~13.77 billion years ago
Approximately 13.77 billion years ago is an ongoing research, on how energy-matter sprang from the
void at the beginning of the universe, weaving the invisible materials of our worlds.
Elements of collective nocturnal dreams are nano-engraved on small particles of cosmic
dust and made barely visible by a beam of light. Some are destined to be released into
orbit around the earth, while others are buried deep beneath it.
The celestial bodies of primitive meteorites are made up of grains of dust born when
our solar system was formed, and carry memories as old as the creation of the cosmos,
such as the 1st atoms, molecules, stars and galaxies.

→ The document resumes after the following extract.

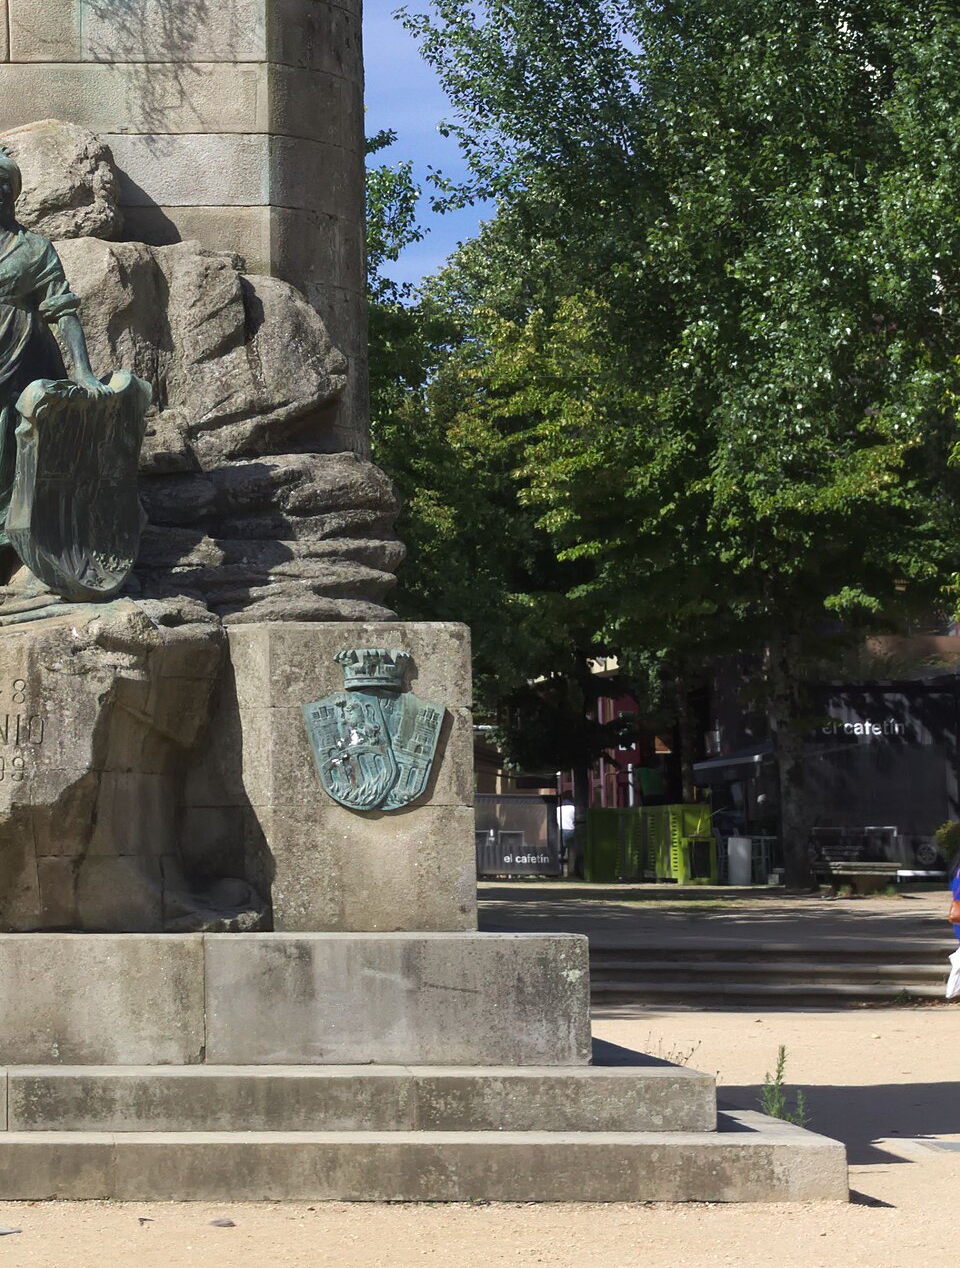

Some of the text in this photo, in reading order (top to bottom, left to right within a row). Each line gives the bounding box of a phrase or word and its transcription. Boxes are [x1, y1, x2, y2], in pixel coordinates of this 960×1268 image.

[12, 678, 27, 705] 8
[843, 718, 905, 735] cafetín
[503, 853, 550, 864] el cafetín

These micrometeorites, engraved with our dreamlike visions of strange devices and
creatures exploring other materialities, are part of all the other known and unknown
matter-energies that make up our worlds: electromagnetic waves, the psyche, the soul,
hallucinations, imagination, emotions, memory, magic, photons, plasma, matter and
antimatter, dark energy...
Production in the frame of a residency at musée d'art contemporain en plein air du Sart Tilman & a collaboration with pôle muséal et projets culturels Réjouissiance (Uliège) with the support of the Fédération Wallonie-Bruxelles 2023-2024. A collaboration led by CEASAM reserach group (Complex and Entangled Systems from Atoms to Materials)and the reserach department (UR) CESAM in nanosciences and nanotechnologies of the university of Liège with the complicity of Prof. Alejandro Silhanek(EPNM) Prof. Duy Nguyen (SPIN) and Emile Fourneau.

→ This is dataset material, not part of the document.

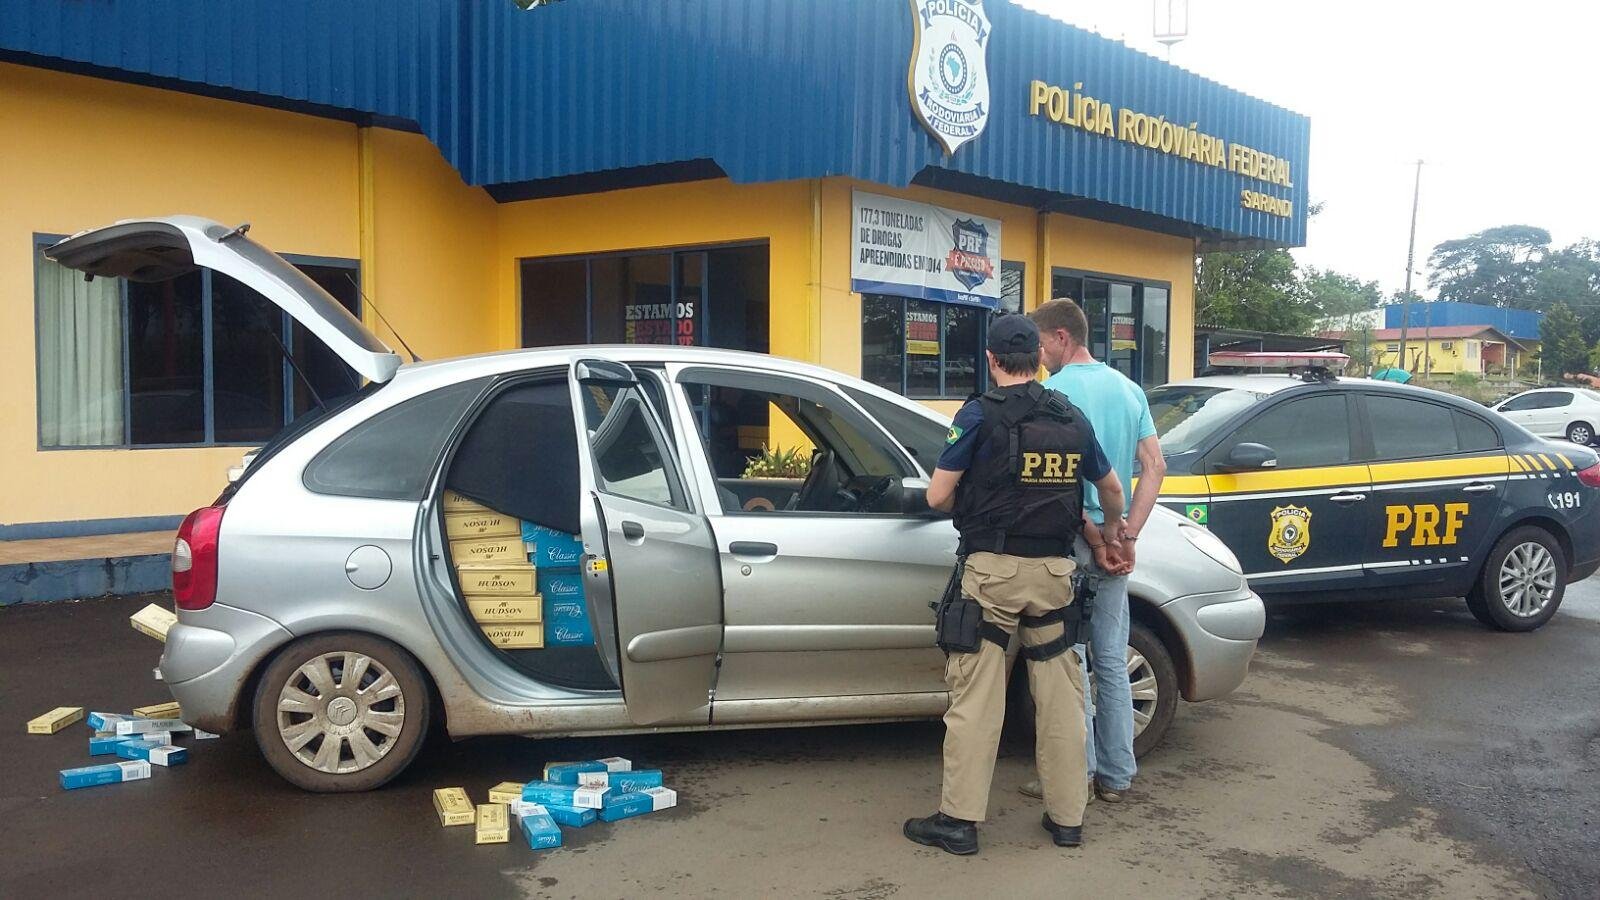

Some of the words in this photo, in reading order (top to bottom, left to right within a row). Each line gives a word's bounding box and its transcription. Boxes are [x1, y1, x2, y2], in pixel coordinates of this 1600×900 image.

Residency research here and an article written here
Extract of Intangibles catalogue here
~ 13.77 billion years ago» 2024, cosmic dust, nanogravures, lazer, glass and
the dreams of Al, Lucie, Nora, Laura et Claire.
A talk , Transvisibles, was organised at University of Liège.
A panel of researchers in physics, astrophysics, archaeology and philosophy around the artist Claire Williams, will have as its central element the question of invisible materialities or those standing at the edge of the visible. The presentations will attempt to sketch out our past and present relationships to the world through their respective disciplinary and historical prisms. The question of the gaze and its instruments for validating or invalidating the materiality of an object will also be addressed. A large number of matter-energies escape us, and we have to try to model them, imagine them, speculate about them or dream about them in order to make them tangible. How can art and science work together to create the invisible? And what does it mean to make the invisible?